# To do
Nothing in the copy should be a picture; everything else in the listing is to be restated exactly.

# Recorded data
-*-*-

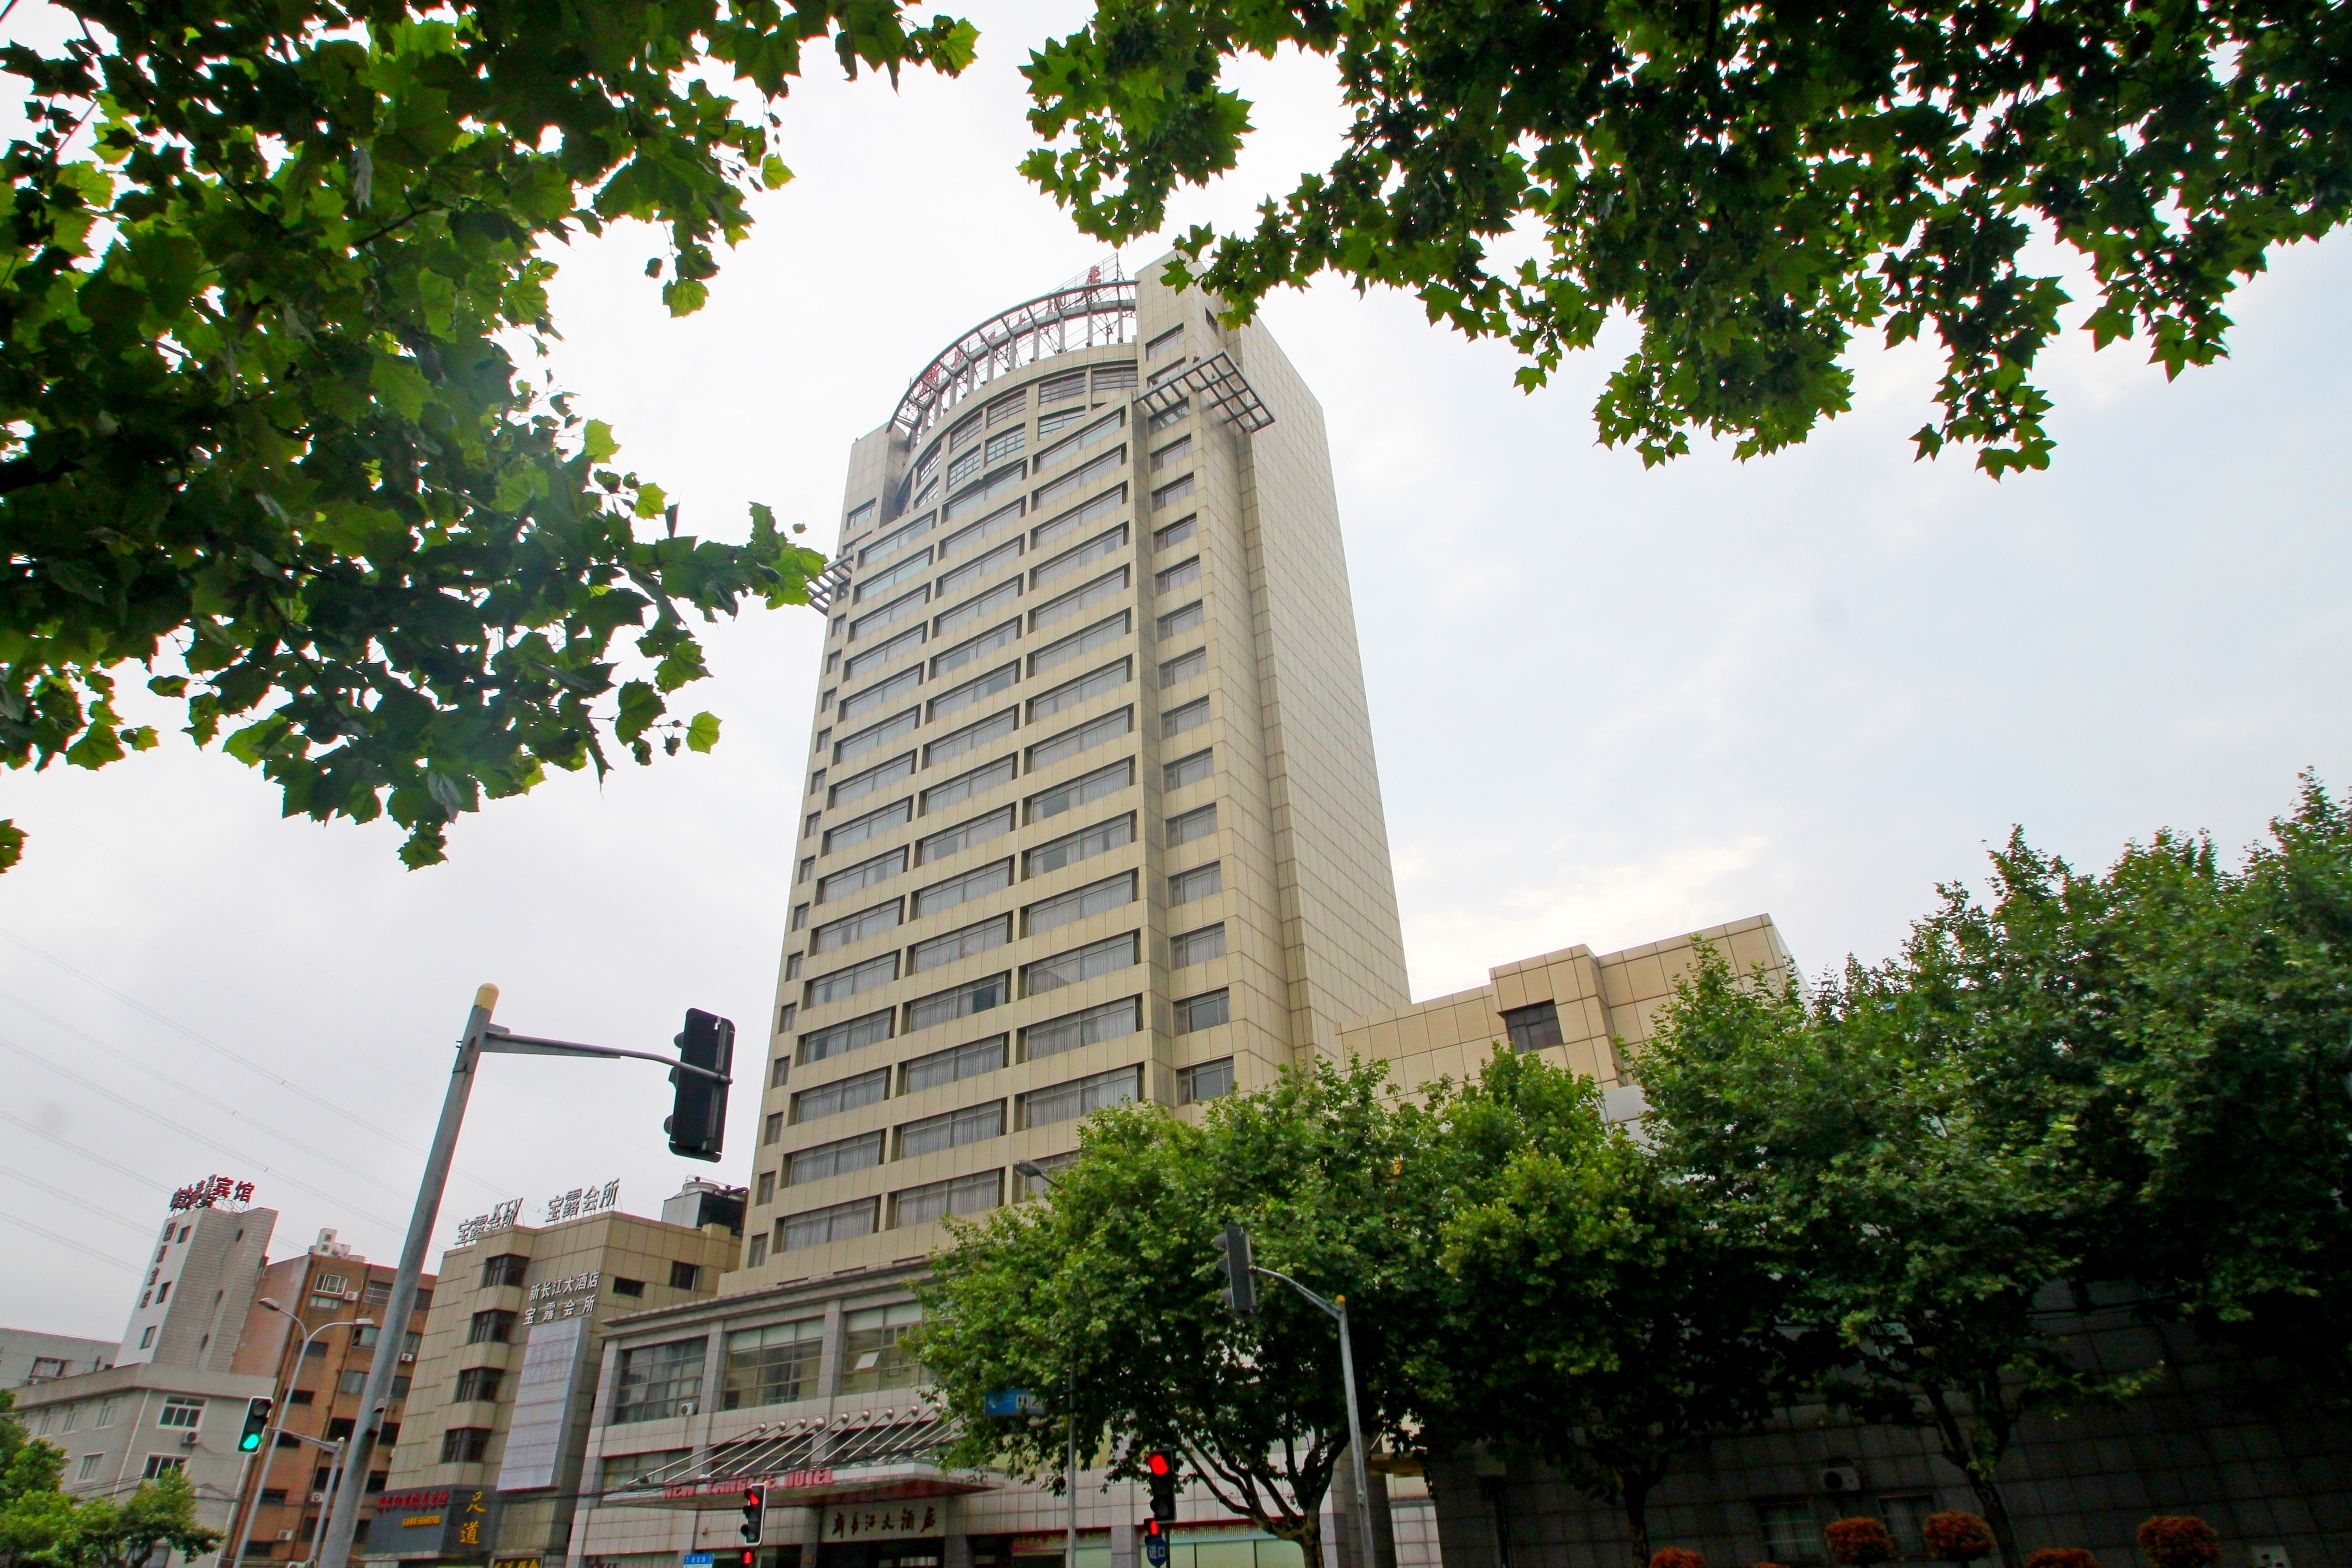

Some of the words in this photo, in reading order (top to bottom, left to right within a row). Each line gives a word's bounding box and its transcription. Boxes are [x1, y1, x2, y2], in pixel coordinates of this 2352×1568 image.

[494, 1197, 524, 1222] KTV
[545, 1178, 620, 1223] 宝露会所
[528, 1270, 601, 1302] 新长江大酒店
[522, 1294, 596, 1326] 宝露会所
[662, 1486, 696, 1499] NEW
[784, 1468, 833, 1489] HOTEL

-*-*-

# Written answer
Some of the words in this photo, in reading order (top to bottom, left to right within a row). Each line gives a word's bounding box and its transcription. Boxes are [x1, y1, x2, y2], in pixel coordinates of this 2352×1568 image.

[494, 1197, 524, 1222] KTV
[545, 1178, 620, 1223] 宝露会所
[528, 1270, 601, 1302] 新长江大酒店
[522, 1294, 596, 1326] 宝露会所
[662, 1486, 696, 1499] NEW
[784, 1468, 833, 1489] HOTEL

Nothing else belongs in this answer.